Writing with the Pomodoro Technique (For Productivity and Health)

Writing is not the hardest thing in the world to do, but the easiest thing to do is not write. A nice thing about being a writer is the freedom to set your own hours, but that freedom can also be a curse. It’s difficult to stay focused and avoid procrastination and distractions, especially today with the internet, when the tool you write with (a computer) is connected to all the information in the world, including email, Twitter, Facebook, YouTube, Reddit, and other applications designed to waste time.

So many times, I’ll have the whole day free to write, and I sit down at my computer to start, then before I know it, the day is over, and I haven’t written anything. It may begin with research—looking up something related to my story on Wikipedia, then I go down a rabbit hole of links to other, completely unrelated topics. I’d be sitting at my computer all day but wouldn’t get any work done.

Some writers advocate turning off your internet while writing to avoid such distractions, but I prefer being able to look things up on the internet while writing. I’d rather develop the self-control to avoid going down the rabbit hole.

I’ve experimented with writing first thing in the morning, in the afternoon, and the evening, trying to determine which time I’m most productive. I tend to work best in the morning, but what I’ve discovered is the time of day doesn’t really matter so long as when you sit down at your computer, you actually write. To that end, the thing that’s helped my productivity the most is the “Pomodoro Technique.”

Developed by Francesco Cirillo in the late 1980s, the pomodoro technique is a time management system where you set a timer for 25 minutes to work, then take a five minute break, and repeat (however many times you can/want). That’s it. It’s sounds simple, but it works.

In the past, I may have had a four-hour block of time to work so I’d try to write straight through it, thinking that would be the most productive method. But, inevitably, I would waste a large portion of that time procrastinating, knowing in the back of my mind that I had plenty of time left to write. But with the pomodoro technique, knowing I only have 25 minutes makes me stay more focused to get as much done in that block of time as possible. 

I use an app (Be Focused) that has the timer right on my desktop, so I feel a constant sense of urgency, knowing exactly how much time I have until my break. It’s a sort of mental trick to keep you focused on the task at hand. Then an alarm sounds, and no matter what, I step away from the computer to take my break. Even if I’m in the middle of something, I know I can come back to it in five minutes.

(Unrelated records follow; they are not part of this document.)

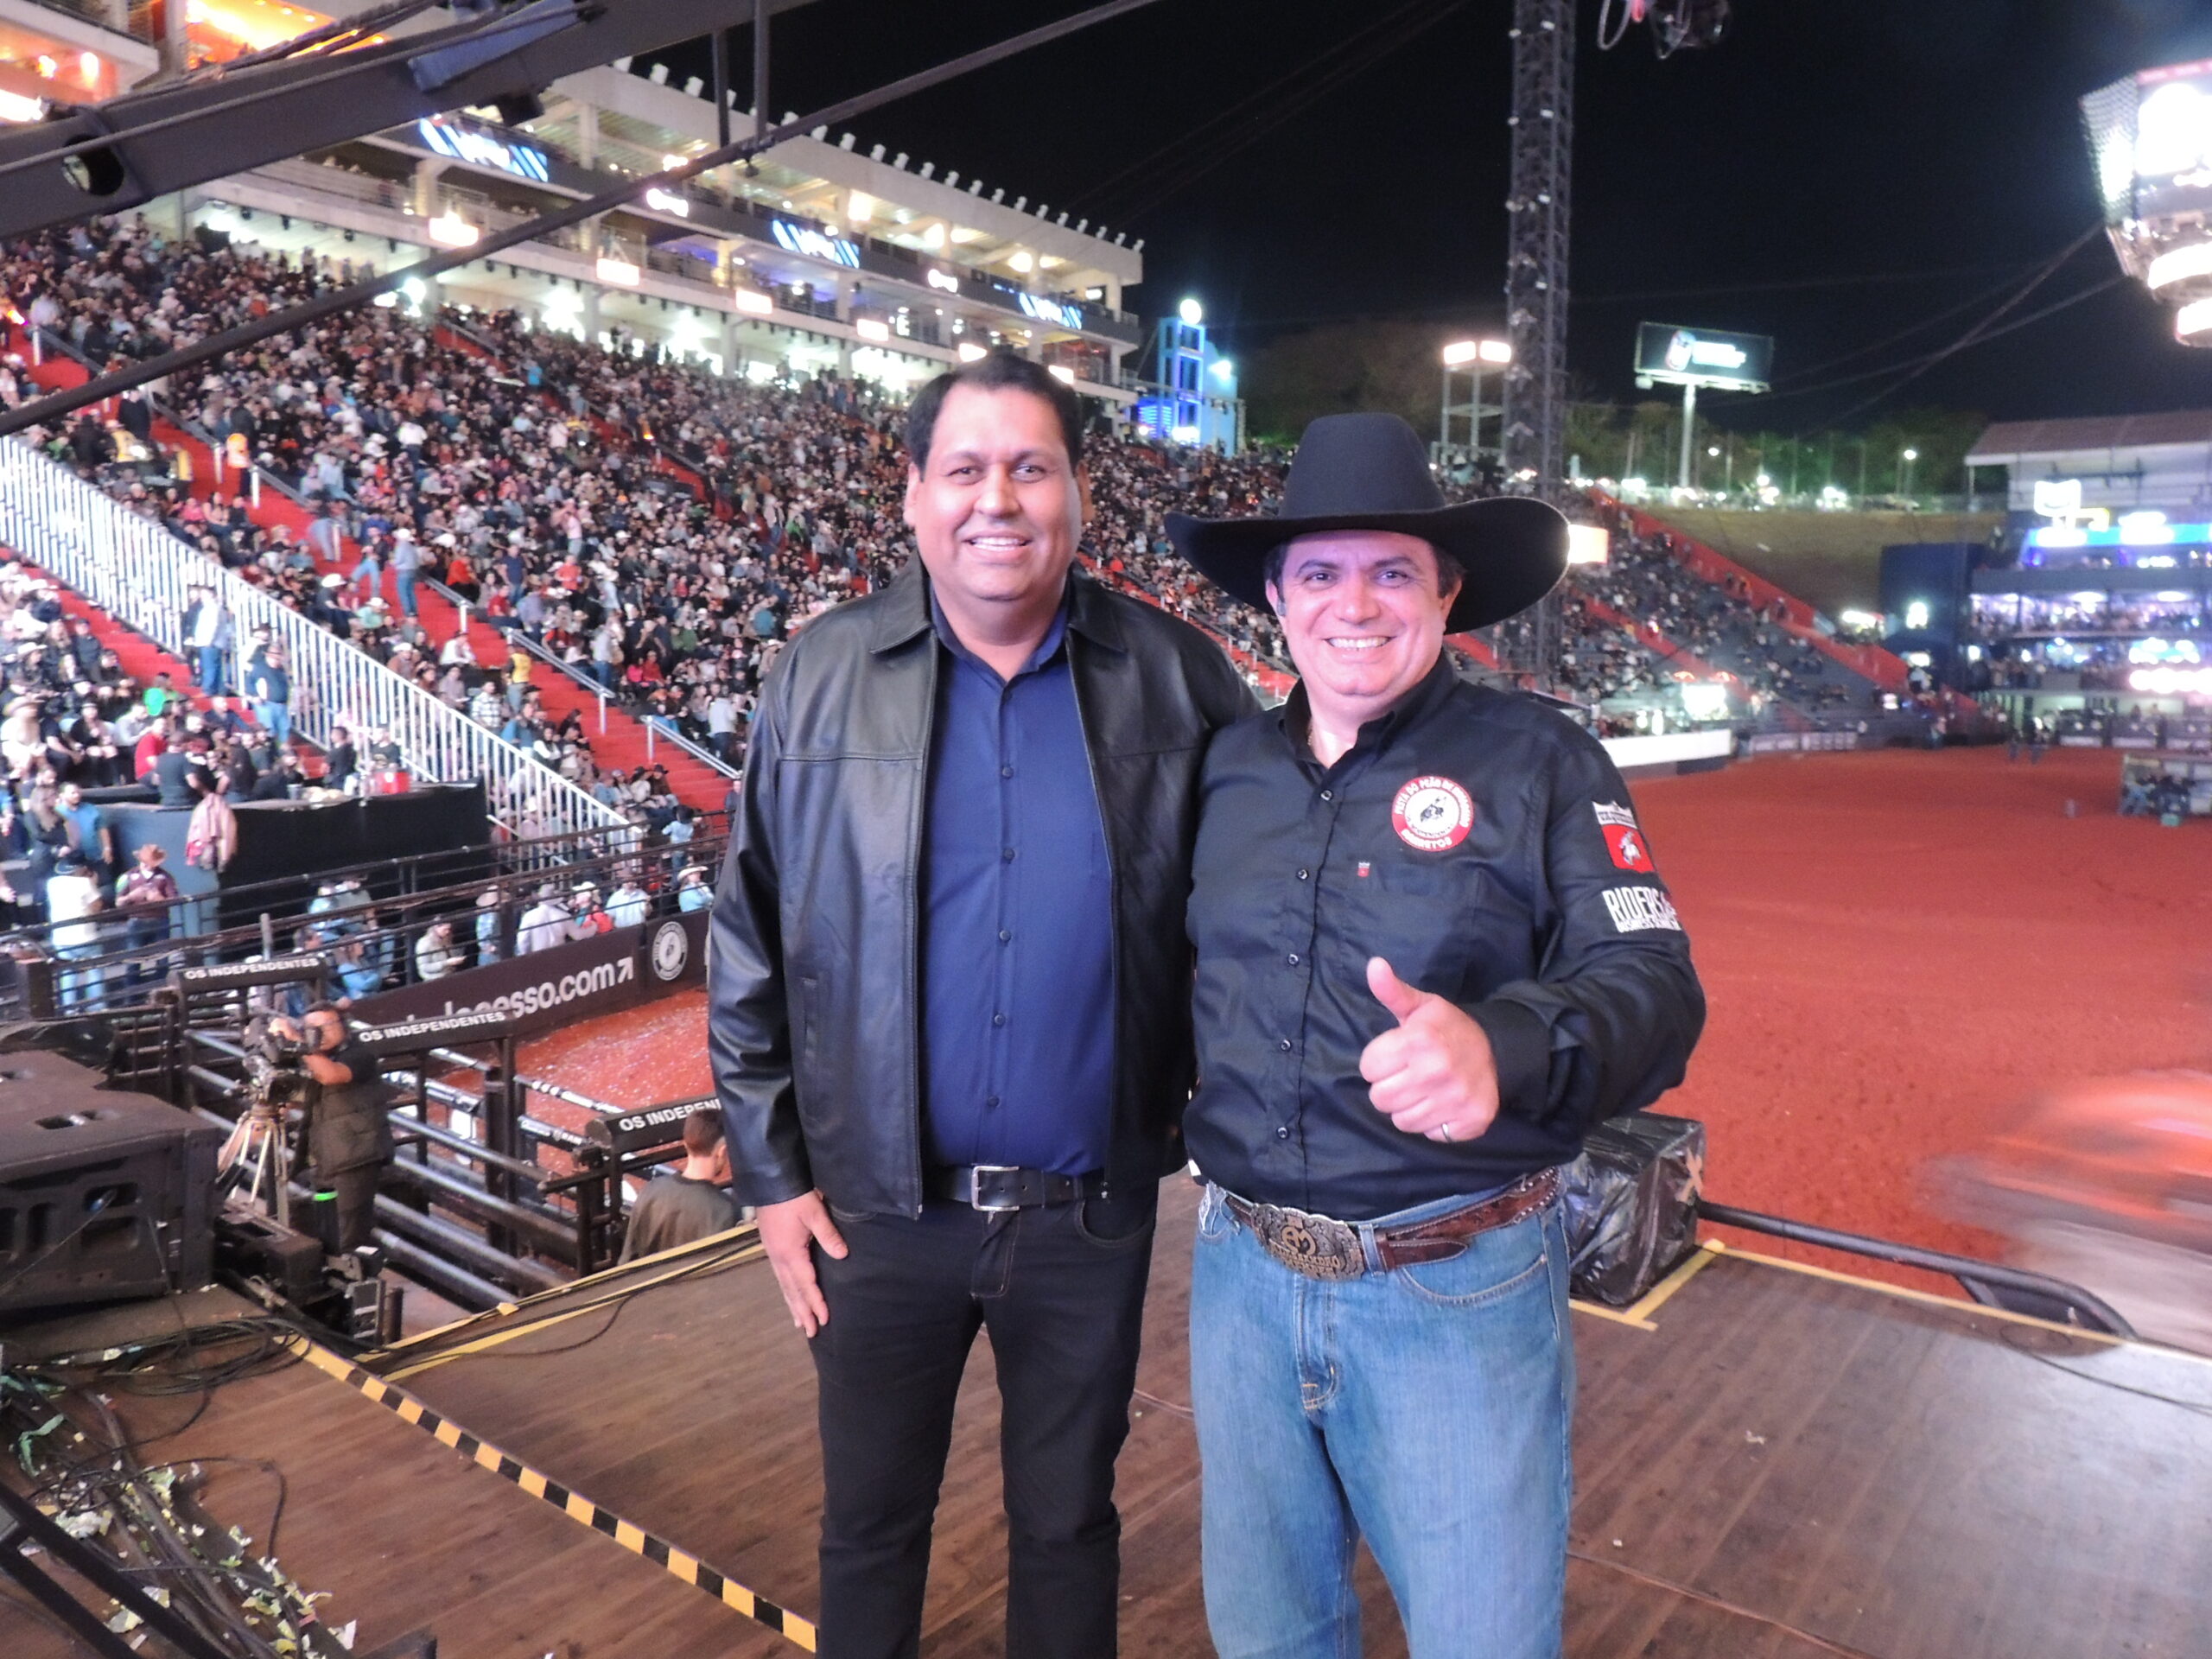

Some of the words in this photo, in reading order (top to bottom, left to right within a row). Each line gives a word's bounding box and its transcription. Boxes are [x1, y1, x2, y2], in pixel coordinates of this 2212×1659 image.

[1405, 782, 1420, 796] DO
[1602, 887, 1663, 921] RIDERS
[184, 969, 207, 980] OS
[208, 957, 320, 977] INDEPENDENTES
[359, 1030, 384, 1042] OS
[384, 1012, 506, 1039] INDEPENDENTES
[619, 1119, 646, 1132] OS
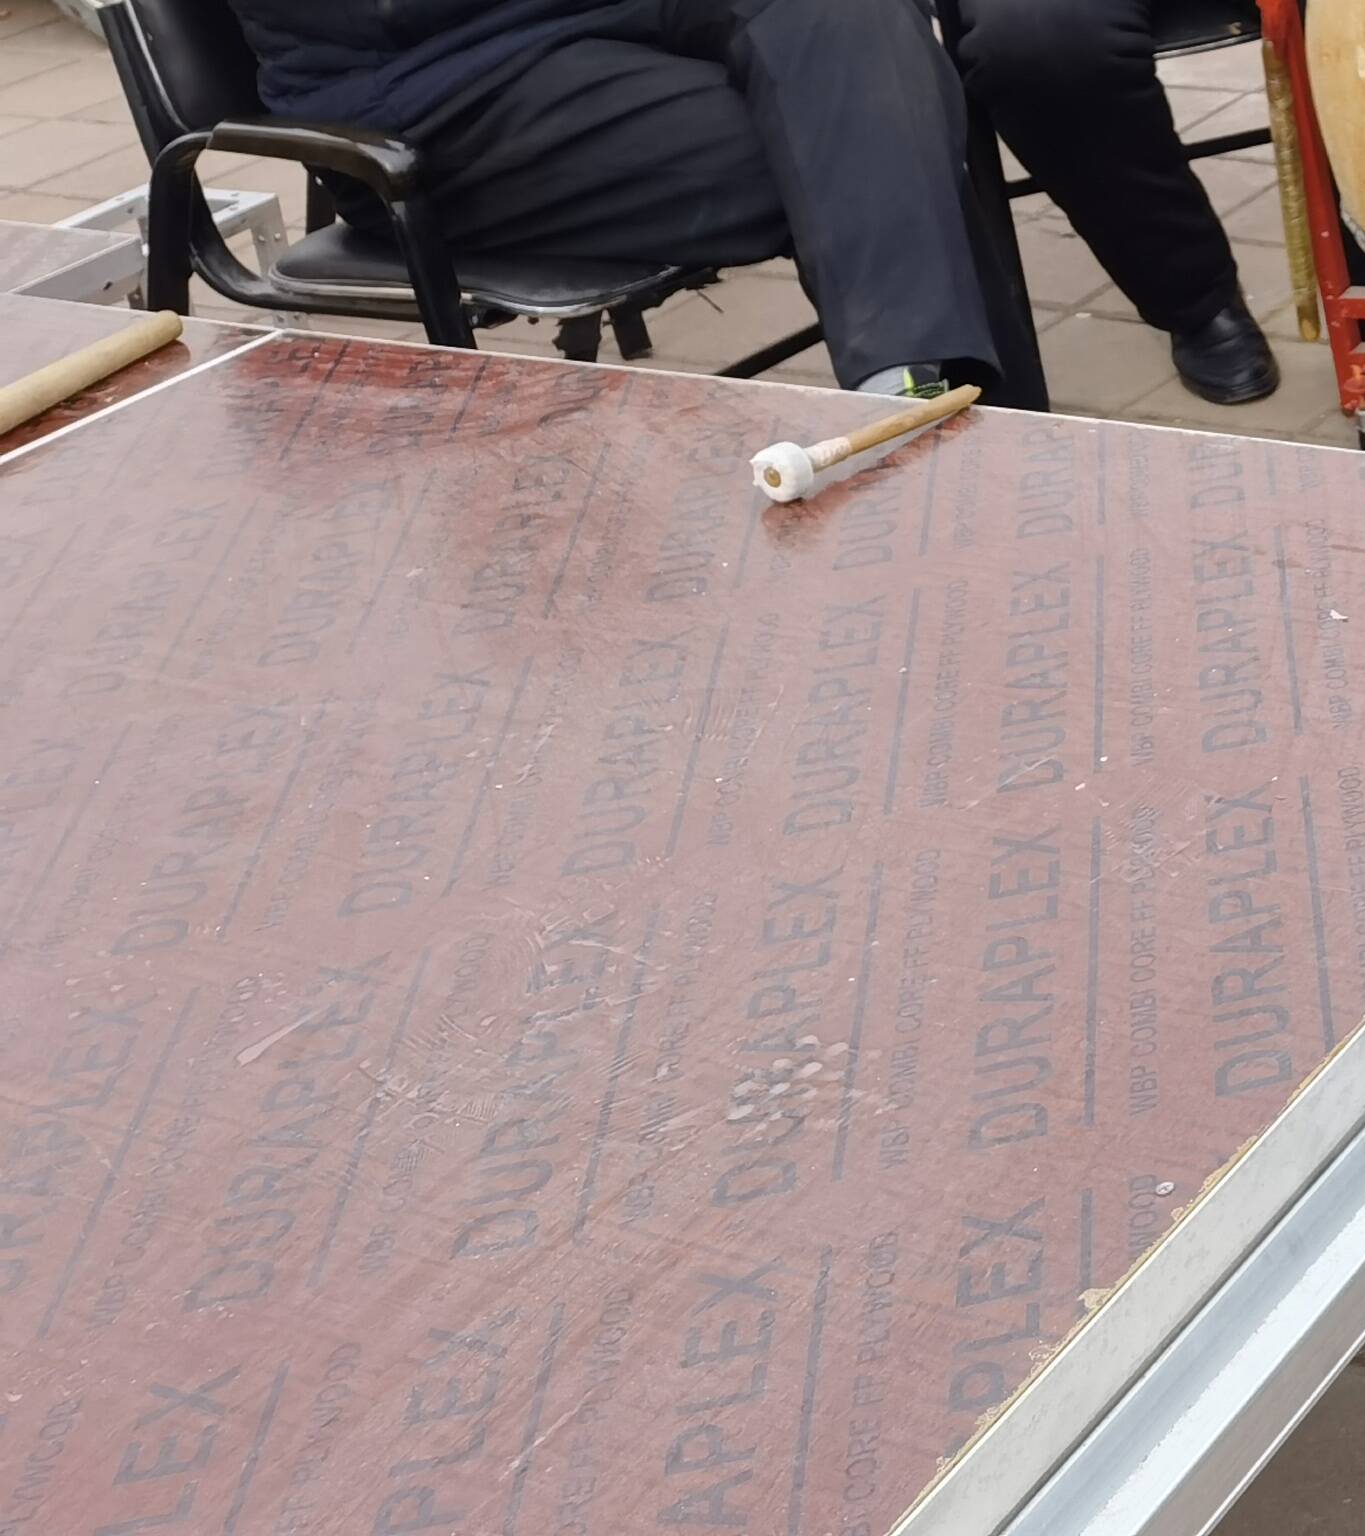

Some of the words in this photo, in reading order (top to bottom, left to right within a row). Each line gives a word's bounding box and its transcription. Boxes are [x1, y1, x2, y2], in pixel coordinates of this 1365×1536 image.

The idea of taking frequent breaks sounds counter-intuitive, but it actually makes me more productive. Plus, it’s healthier. I developed some health problems from sitting (and/or standing) at my computer for too long. You need to get up and move more often, and the pomodoro technique helps me do that. I go for a walk or do some form of exercise during those five minutes. Then when I step back to my computer, I feel more refreshed and alert and ready to work again. By taking more breaks, I get more work done. Plus, if I do happen to get sucked down an internet research rabbit hole, it’s limited to a maximum of 25 minutes. Then, when I get back from my break, I’m more determined to get back to work and avoid distractions in my next 25-minute block.

I’d first heard of the pomodoro technique several years ago, tried it and found it useful for a while, but for whatever reason I eventually stopped. Recently (because of those health problems), I started doing the pomodoro technique again and it’s helped both my productivity and my health. There are plenty of free pomodoro apps available to download for desktop or mobile, or you can just create your own with a watch or timer. If you experience procrastination (or health) problems related to writing, you might want to give the pomodoro technique a try.